WHAT NEEDS TO BE DONE.
Print the whole listing, character for character.
[GIVEN ENTRIES]
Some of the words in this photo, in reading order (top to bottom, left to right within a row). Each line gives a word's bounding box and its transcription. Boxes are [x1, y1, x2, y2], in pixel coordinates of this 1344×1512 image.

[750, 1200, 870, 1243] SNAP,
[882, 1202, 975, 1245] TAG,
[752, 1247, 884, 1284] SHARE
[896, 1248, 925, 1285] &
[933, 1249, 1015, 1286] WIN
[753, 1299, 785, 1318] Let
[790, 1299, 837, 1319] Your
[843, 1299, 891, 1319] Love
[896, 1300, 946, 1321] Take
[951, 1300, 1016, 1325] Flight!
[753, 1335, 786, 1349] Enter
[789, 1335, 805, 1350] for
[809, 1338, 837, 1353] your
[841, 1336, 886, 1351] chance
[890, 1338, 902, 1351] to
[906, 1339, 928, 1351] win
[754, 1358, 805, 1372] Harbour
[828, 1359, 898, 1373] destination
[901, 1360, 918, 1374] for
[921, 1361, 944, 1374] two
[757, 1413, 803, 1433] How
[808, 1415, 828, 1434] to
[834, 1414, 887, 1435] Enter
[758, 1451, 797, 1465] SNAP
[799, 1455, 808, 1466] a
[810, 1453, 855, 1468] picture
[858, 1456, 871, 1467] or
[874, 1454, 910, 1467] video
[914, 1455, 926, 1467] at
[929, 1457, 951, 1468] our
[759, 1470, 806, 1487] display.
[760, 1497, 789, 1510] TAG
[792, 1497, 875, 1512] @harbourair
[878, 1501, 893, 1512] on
[/GIVEN ENTRIES]
RESPONSE TO THIS TASK.
Some of the words in this photo, in reading order (top to bottom, left to right within a row). Each line gives a word's bounding box and its transcription. Boxes are [x1, y1, x2, y2], in pixel coordinates of this 1344×1512 image.

[750, 1200, 870, 1243] SNAP,
[882, 1202, 975, 1245] TAG,
[752, 1247, 884, 1284] SHARE
[896, 1248, 925, 1285] &
[933, 1249, 1015, 1286] WIN
[753, 1299, 785, 1318] Let
[790, 1299, 837, 1319] Your
[843, 1299, 891, 1319] Love
[896, 1300, 946, 1321] Take
[951, 1300, 1016, 1325] Flight!
[753, 1335, 786, 1349] Enter
[789, 1335, 805, 1350] for
[809, 1338, 837, 1353] your
[841, 1336, 886, 1351] chance
[890, 1338, 902, 1351] to
[906, 1339, 928, 1351] win
[754, 1358, 805, 1372] Harbour
[828, 1359, 898, 1373] destination
[901, 1360, 918, 1374] for
[921, 1361, 944, 1374] two
[757, 1413, 803, 1433] How
[808, 1415, 828, 1434] to
[834, 1414, 887, 1435] Enter
[758, 1451, 797, 1465] SNAP
[799, 1455, 808, 1466] a
[810, 1453, 855, 1468] picture
[858, 1456, 871, 1467] or
[874, 1454, 910, 1467] video
[914, 1455, 926, 1467] at
[929, 1457, 951, 1468] our
[759, 1470, 806, 1487] display.
[760, 1497, 789, 1510] TAG
[792, 1497, 875, 1512] @harbourair
[878, 1501, 893, 1512] on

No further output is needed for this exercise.